Japan, a country culturally very rich and so different from the European countries, was for me the ideal place, especially since the light and the time, which are at the very foundation of photography, are apprehended differently, Either through mythology and poetry – the legend of Amaterasu for example – or in Zen Buddhism – which views time as a succession of transient moments and profoundly marks Japanese society. It was precisely while staying in Kyoto for nearly ten years in the 1960s that the American artist James Lee Byars built up his personality. With the project to walk in his wake, I seeked to discover all the wealth of traditions and crafts, from which I intend to borrow certain elements to develop my works, since the art experimentation and the materiality of the images constitute an issue just as important as the “concept” in my approach to photography. I also rediscovered here the pleasure of shooting in the street full of “curiosities”, despite the overwhelming heat of the summer and the hostility of some local people towards the photographers in Kyoto. Finally, I met an art historian, Shinobu Skagami, who helped me a lot in my research; thanks to his sagacity, we discovered that the house of the poet Lindley Williams Hubbel, where Byars made his first performance entitled “Peace”, was just 50 meters from Villa Kujoyama and that the neighboring house, owned by an American collector destroyed today, was the place of residence of David Bowie during his many stays in Kyoto!
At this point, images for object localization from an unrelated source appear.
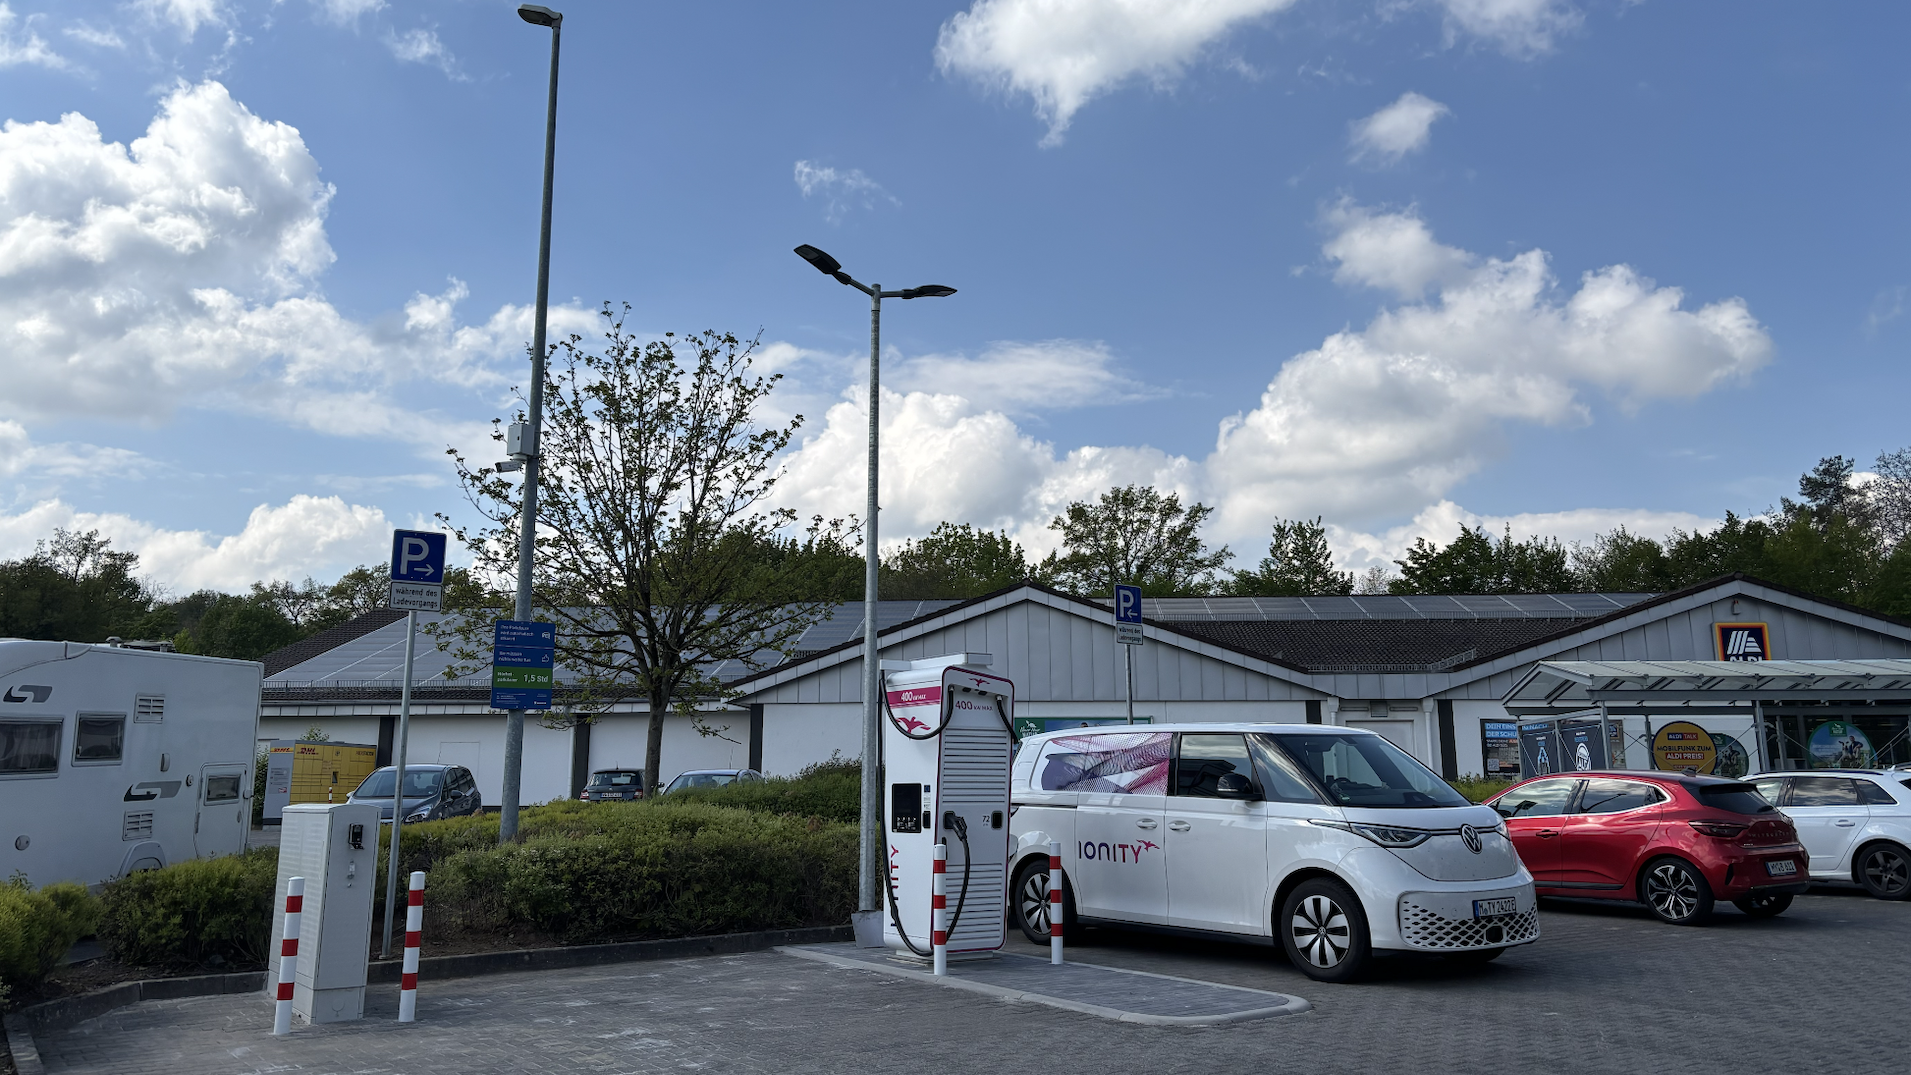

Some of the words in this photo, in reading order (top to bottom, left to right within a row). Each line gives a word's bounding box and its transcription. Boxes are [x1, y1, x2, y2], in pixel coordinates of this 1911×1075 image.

[400, 537, 429, 575] P
[396, 587, 424, 596] während
[425, 589, 438, 597] des
[393, 597, 438, 608] Ladevorgangs
[1119, 589, 1134, 618] P
[523, 674, 536, 683] 1,5
[537, 675, 549, 683] Std
[901, 691, 913, 701] 400
[955, 700, 973, 710] 400
Villa Medicis : why a residency in photography?
The example of Simon Brodbeck and Lucie de Barbuat, residents of the French Academy in Rome – Villa Medici 2016 – 2017
Brodbeck & Barbuat form a duet of artists using photography and video. French and German, they have been working together since 2005 in Paris. Residents of the Academy of France in Rome – Villa Medici between 2016 and 2017, they graduated from the National School of Photography.
During their residency at the Villa Medici, Brodbeck & Barbuat participate in several exhibition projects (solo and collective). When presenting previous works, such as IN SEARCH OF ETERNITY – CHAPTER III Mumbai, 2015-2016, the works are always reinterpreted formally and redeployed in order to interact with the historical spaces of Villa Medici, their stories and their memories, but also with the works of other artists around them.